Но, главное, со своим членским билетом бескорыстного Союза художник честно мог нигде не работать и при том не быть тунеядцем. Слово «тунеядец» тоже нелегко объяснить. Но, вобщем-то, понятно. Как шутили тогда — "едок тунца". Тунец, кстати, тоже добыть по магазинам составляло немалого труда. Так что особенно не разъешься. Вот и выходит тебе — едок, ебаный.
Художник же, несмотря на открывавшиеся широкие возможности этого самого безнаказанного тунеядствования, работал. Работал очень много. И зарабатывал. Хотя мог, понятно, совершенно откровенно бить баклуши и посмеиваться, глядя на прочих, губящих свою единственую драгоценную жизнь по всякого рода производствам и учреждениям. Вместо того, чтобы занудно ежедневно спешить с утра по разнообразным офисам и кабинетам (пусть даже и высоким, но оттого не менее удручающим), мог он просыпаться заполудни. Протирая глаза, позвякивая маленькой изящной чашечкой кофе в чуть подрагивающих руках, рассматривать глупую рутину заоконной жизни с мельтешащими раздражающими детишками и одетыми во все несменяемое по сезонам черное старухами, спешащими из магазина в магазин при тяжеленных сумках об обеих матерчатых рукавицах. Тоска! Тоска и позор! Мерзости бессмысленной жизни.
А он мог позволить себе ночи напролет весело выпивать и безнаказно разгульничать со товарищи, изымая на то деньги у престарелых, но зажиточных родителей. Академиков, скажем.
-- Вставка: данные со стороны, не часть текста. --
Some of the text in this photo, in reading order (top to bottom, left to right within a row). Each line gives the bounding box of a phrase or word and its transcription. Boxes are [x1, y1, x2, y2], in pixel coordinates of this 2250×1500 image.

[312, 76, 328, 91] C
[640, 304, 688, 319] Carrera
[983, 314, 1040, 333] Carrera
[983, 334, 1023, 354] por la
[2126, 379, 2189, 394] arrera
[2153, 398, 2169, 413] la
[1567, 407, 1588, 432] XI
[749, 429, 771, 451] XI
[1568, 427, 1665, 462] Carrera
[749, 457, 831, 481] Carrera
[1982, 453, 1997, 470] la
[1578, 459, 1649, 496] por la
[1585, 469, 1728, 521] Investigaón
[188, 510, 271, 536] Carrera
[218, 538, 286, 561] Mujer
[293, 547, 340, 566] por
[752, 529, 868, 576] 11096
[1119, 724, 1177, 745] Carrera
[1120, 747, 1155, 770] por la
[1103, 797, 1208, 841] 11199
Торговых работников. А иногда — и высокопоставленных ответственных и партийных лиц. Такое, как ни удивительно, тоже случалось. Или же паразитировать на женщинах, что, кстати, нередко встречается в среде творческих личностей, справедливо ссылающихся на свое высокое призвание и специфическую миссию в этом мире, непозволяющую опускаться до мелочей подлого окружения. Звучит не очень-то благородно. Но скорее всего, это не совсем правильная, неумелая артикуляция их несомненно тонкой душевной организации, не всегда могущей приспособиться к нашему жестокому миру наживы и бесконечной социальной гонки. Просто больные иногда бывают, но безумно талантливые. За то и любят их, дорожат ими, попуская временами всякого рода социальную и бытовую безответственность. Особенно женщины. Удивительно привлекательные, прямо дьявольски обольстительные среди них встречаются личности.
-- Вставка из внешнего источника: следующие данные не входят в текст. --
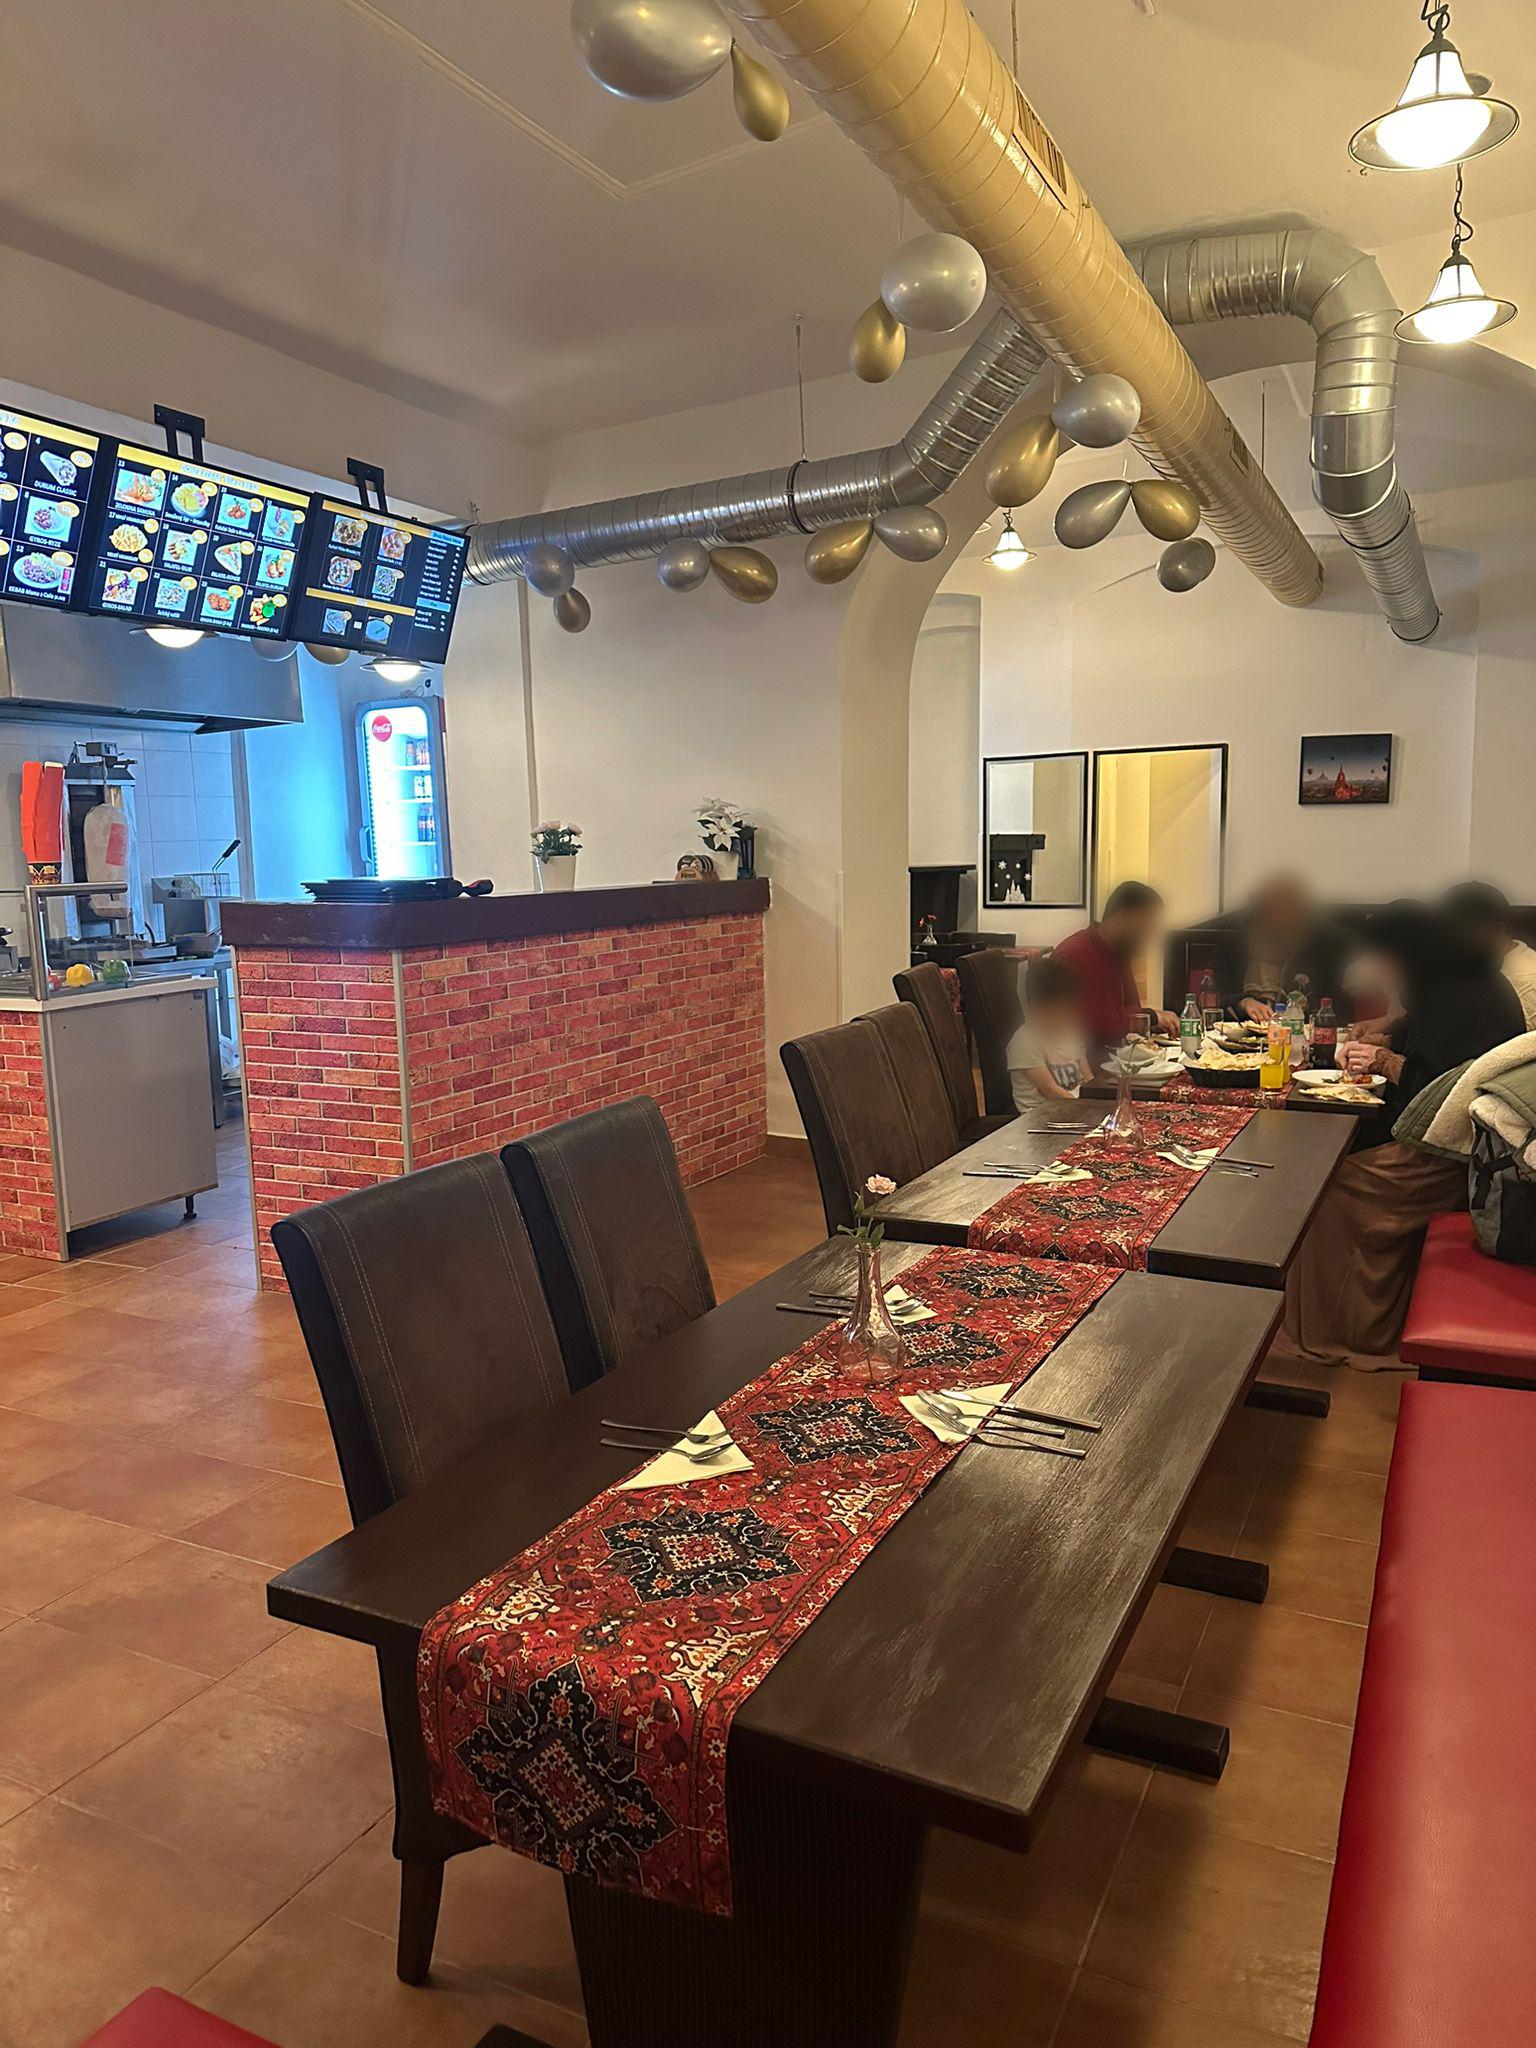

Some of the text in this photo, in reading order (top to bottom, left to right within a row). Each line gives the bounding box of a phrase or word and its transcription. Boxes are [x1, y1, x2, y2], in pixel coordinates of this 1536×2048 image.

[35, 436, 41, 445] 4
[56, 484, 77, 497] CLASSIC
[16, 545, 24, 553] 12
[99, 560, 106, 568] 21
Однако, художник был не из этих. Из других — здоровых, осмысленных и работящих.
Итак, благодаря своему, если и не высокому, то, несомненно, выделенному социальному статусу он официально тунеядцем не являлся. И не мог быть сосланным на сотый километр от Москвы для принудительных работ, исправляющих совесть и нравственность подобных бедолаг. С открытым и спокойным лицом предъявлял он свой красноватый членский билет в твердой обложке любому милиционеру, и тот вежливо отдавал ему обратно вместе с билетом и честь. Ну, естественно, не ту основополагающую. Ту честь и совесть он давно и безвозвратно отдал Государству и Партии. А художнику он просто козырял. Понятно — работник художественной сферы. А то, что в дневное время не на положенной службе, так, может, у него творческий кризис. Или просто бродит, присматривается, набирается жизненных впечатлений. Шут их разберет, этих художников. И с пущей, как бы компенсаторной строгостью, даже страстью (не рискнем употребить термин "сладострастью") служитель закона обращался к другому в порядке следования по улице гражданину. Сурово взглядывал не него. Недоверчиво листал какие-то мятые и подточенные временем желтовато-сизоватые странички липовых документов. С подозрением всматривался в лживые глаза и волочил в участок для выяснения личности и возможных побочных обстоятельств. И выяснялось. Служба такая. Порой рутинная, порой премного удручающая, но всегда ответственная. Всегда. А художник весело и лихо укатывал на личном авто, что по тем временам было редкостью и некоторой даже роскошью. Но он, соответственно своему достатку, мог себе это позволить.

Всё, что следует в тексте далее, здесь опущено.